* **What you will do**
Would you transcribe the entries below word for word, omitting all images?

* **Task material**
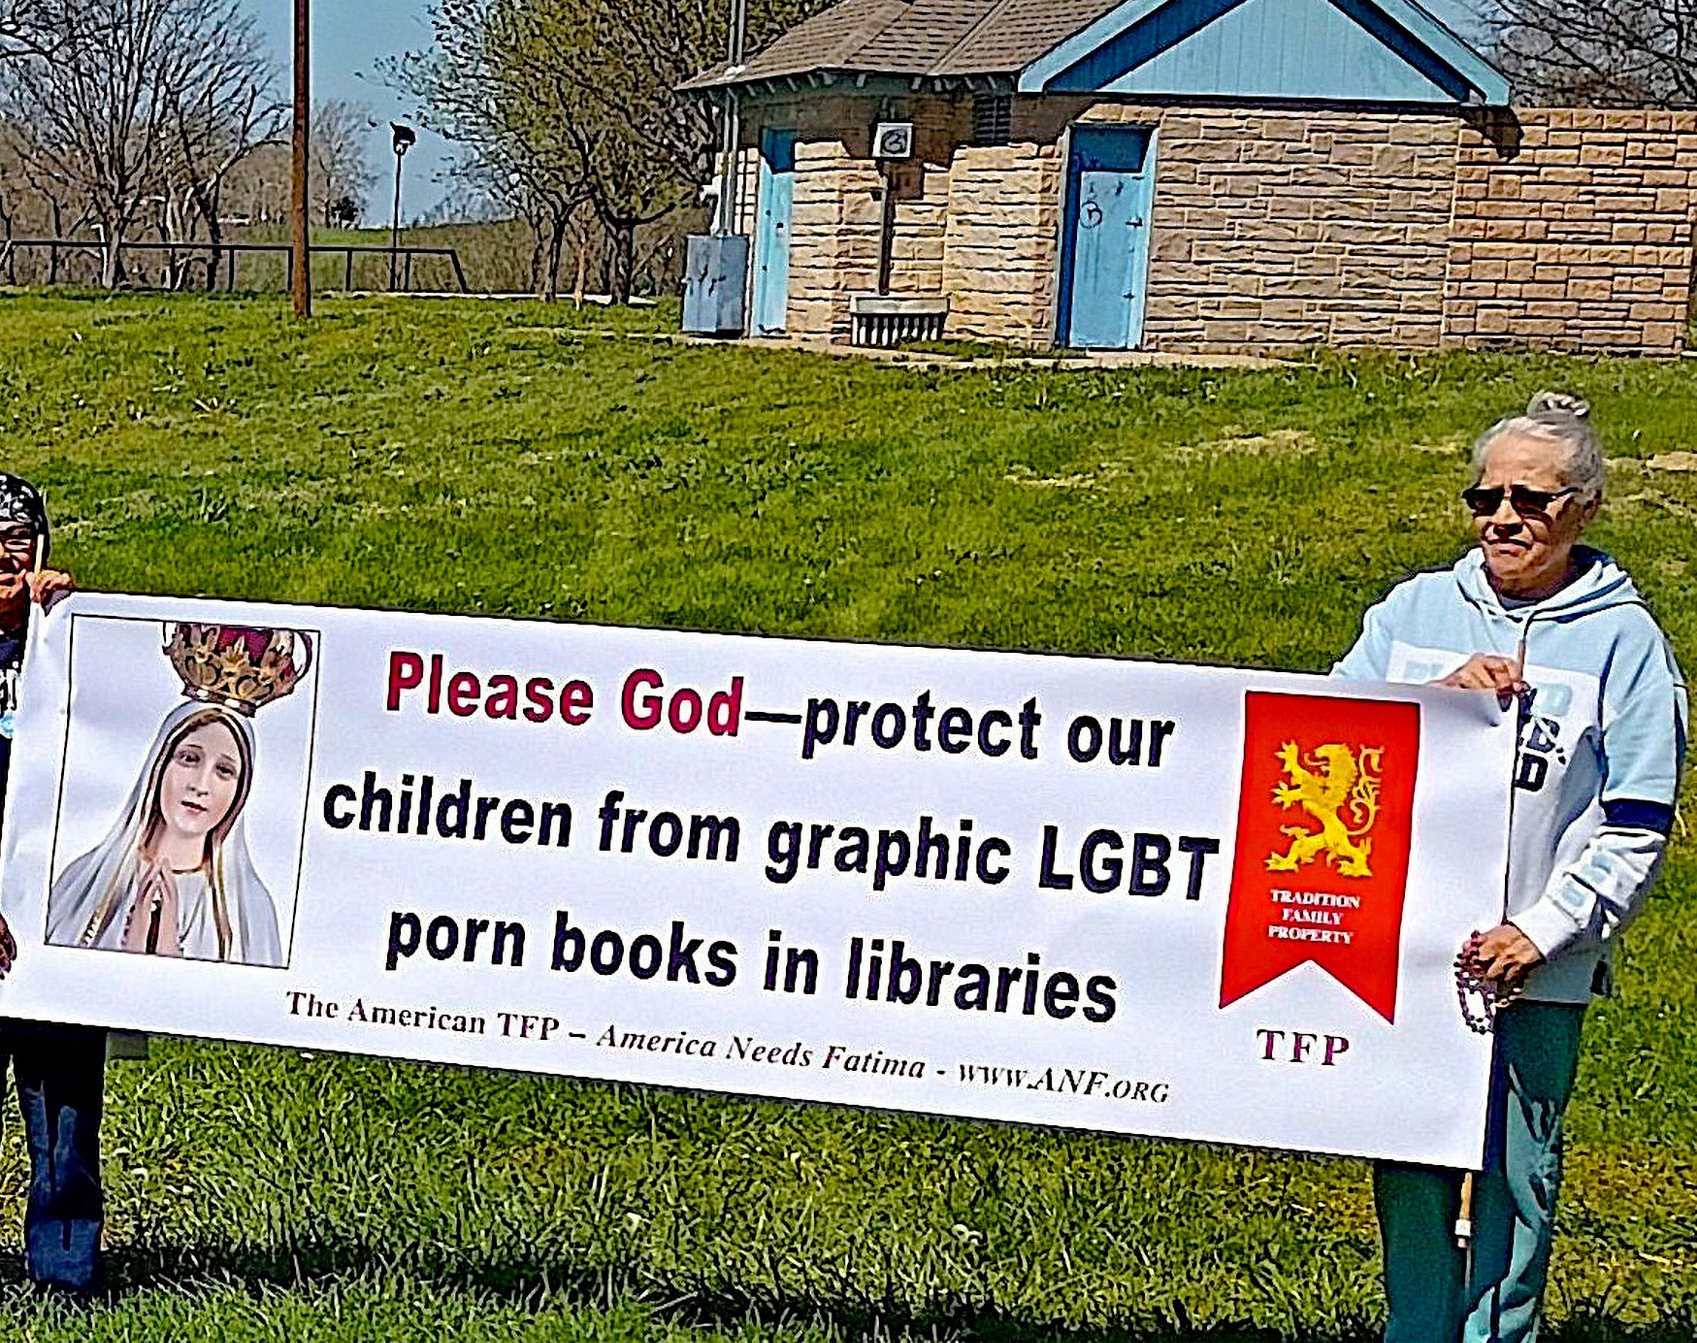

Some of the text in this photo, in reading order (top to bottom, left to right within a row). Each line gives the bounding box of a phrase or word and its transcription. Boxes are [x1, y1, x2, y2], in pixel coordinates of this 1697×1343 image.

[387, 651, 593, 726] Please
[1068, 716, 1175, 767] our
[324, 771, 1220, 901] children from graphic LGBT
[1270, 889, 1360, 909] TRADITION
[1281, 908, 1343, 925] FAMILY
[1268, 924, 1353, 944] PROPERTY
[386, 911, 1117, 1022] porn books in libraries
[287, 992, 338, 1018] The
[348, 999, 485, 1034] American
[498, 1013, 559, 1040] TFP
[597, 1025, 716, 1056] America
[726, 1037, 812, 1066] Needs
[823, 1046, 925, 1078] Fatima
[1257, 1029, 1349, 1065] TFP

* **Written solution**
Some of the text in this photo, in reading order (top to bottom, left to right within a row). Each line gives the bounding box of a phrase or word and its transcription. Boxes are [x1, y1, x2, y2], in pixel coordinates of this 1697×1343 image.

[387, 651, 593, 726] Please
[1068, 716, 1175, 767] our
[324, 771, 1220, 901] children from graphic LGBT
[1270, 889, 1360, 909] TRADITION
[1281, 908, 1343, 925] FAMILY
[1268, 924, 1353, 944] PROPERTY
[386, 911, 1117, 1022] porn books in libraries
[287, 992, 338, 1018] The
[348, 999, 485, 1034] American
[498, 1013, 559, 1040] TFP
[597, 1025, 716, 1056] America
[726, 1037, 812, 1066] Needs
[823, 1046, 925, 1078] Fatima
[1257, 1029, 1349, 1065] TFP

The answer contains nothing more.